Sunday:
"UNIT dating"*: it's the continuity niggle SO egregious that it has even crept into the programme's own dialogue (in "The Sontaran Stratagem", if you must know) and even Dr Woo himself cannot tell you whether his adventures with UNIT took place in the 1970s or the 1980s.
There just ISN'T a solution to keep EVERYONE happy; the evidence all contradicts itself.
But there's no avoiding it and, with the BBC releasing the Black Guardian trilogy on DVD, this is as good a time as any to sort it out once and for all.
Daddy Alex's advice: back away now!
All right, for those of you still with us, the story so far…
The very first UNIT story, well UNIT-ish, in that it introduced us to the Brigadier, even though he was only COLONEL Lethbridge-Stewart on that occasion, was "The Web of Fear".
Now, in "The Web of Fear", Dr Woo, Jamie and Victoria arrive in a mysteriously deserted London but fortunately they meet someone they know: Professor Travers, along with his daughter Anne.
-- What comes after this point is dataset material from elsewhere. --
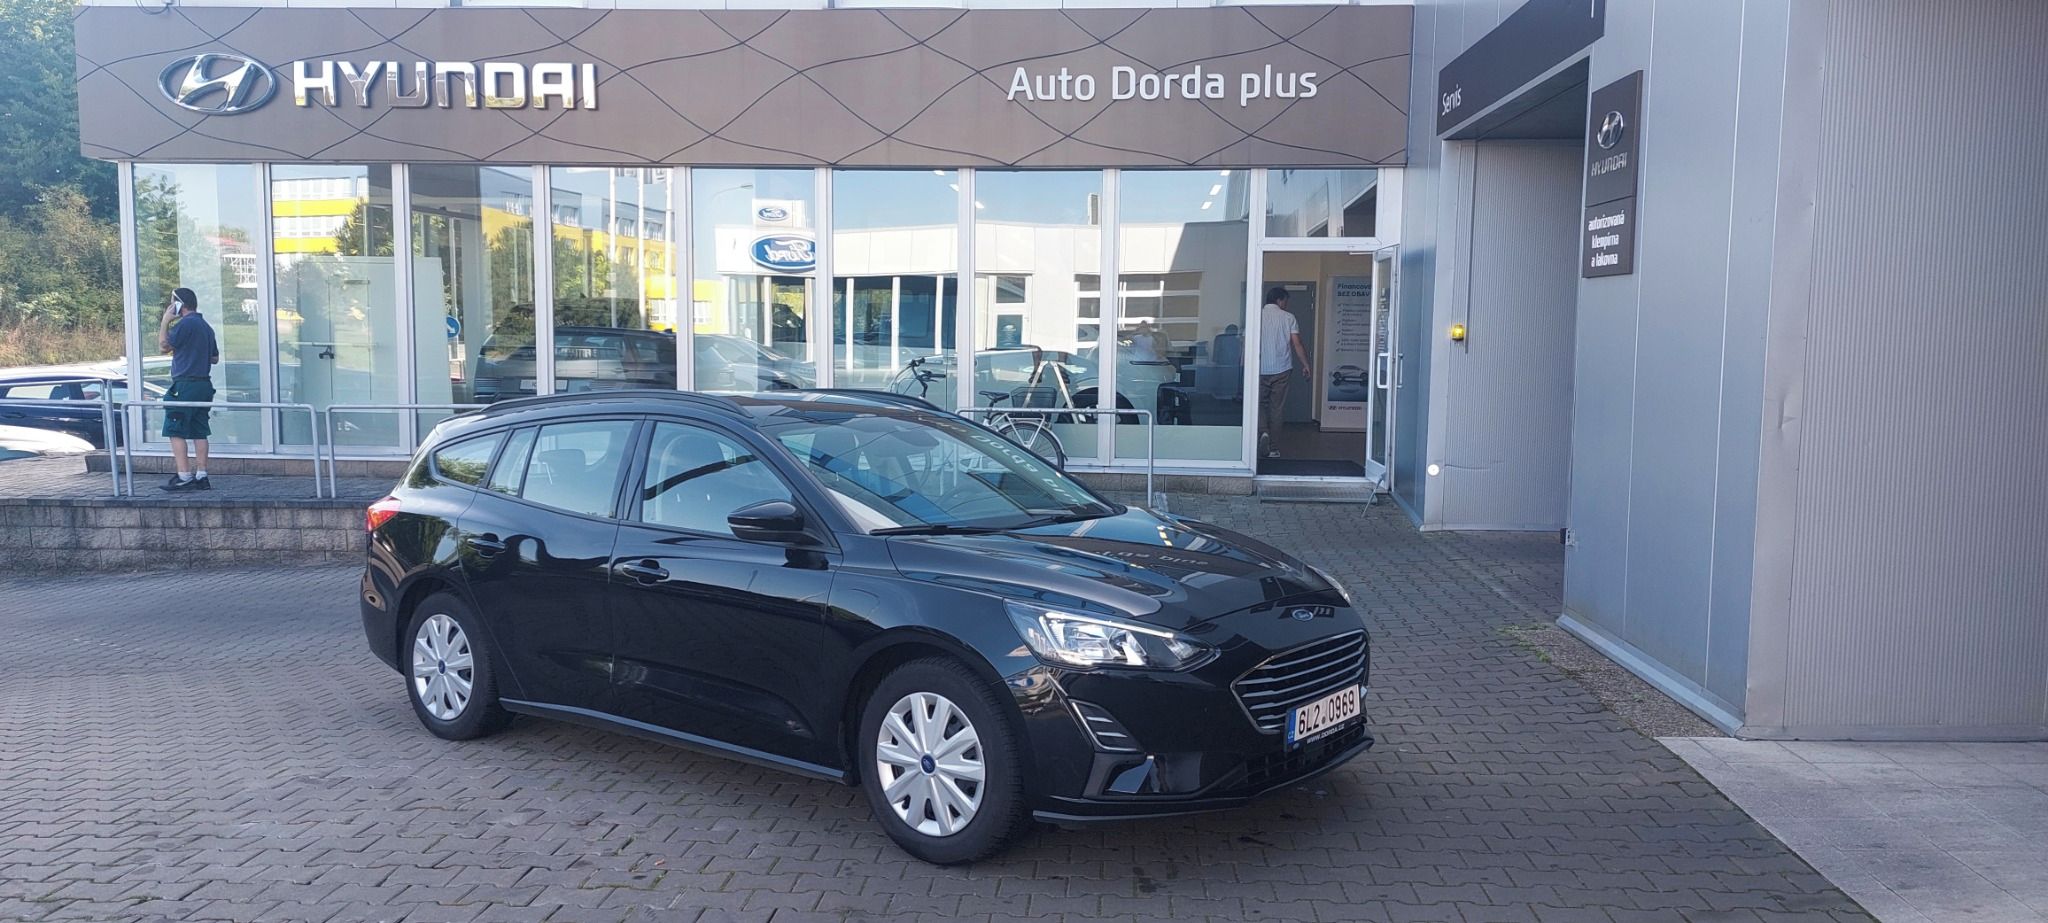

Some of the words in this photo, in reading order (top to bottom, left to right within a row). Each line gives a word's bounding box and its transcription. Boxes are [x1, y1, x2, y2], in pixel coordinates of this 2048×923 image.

They previously met the Prof in Tibet in the adventure with "The Abominable Snowmen" which was three stories ago for them but rather longer for Prof Travers, in fact he says (episode two, scene nine):
"Why that's... that's over... forty years ago!"
Two scenes later, and while Victoria is explaining their time machine to her, Ms Anne clarifies further:
"And you met him - when was it you said? In 1935? In Tibet?"
So, the earliest possible dating for "The Web of Fear" is 1975 (and probably later).
The NEXT story, where we are introduced to UNIT properly, is "The Invasion" where now-Brigadier Lethbridge-Stewart refers (episode two, scene eight) to the business with the Yetis in the underground: "Must be... four years ago now."
Which means that "The Invasion" has an earliest possible date of 1979.
Jumping ahead to "Planet of the Spiders", the Brigadier tells Sarah Jane (episode six, scene twenty-nine):
"One time I didn't see him for months. And what's more, when he did turn up, he had a new face…"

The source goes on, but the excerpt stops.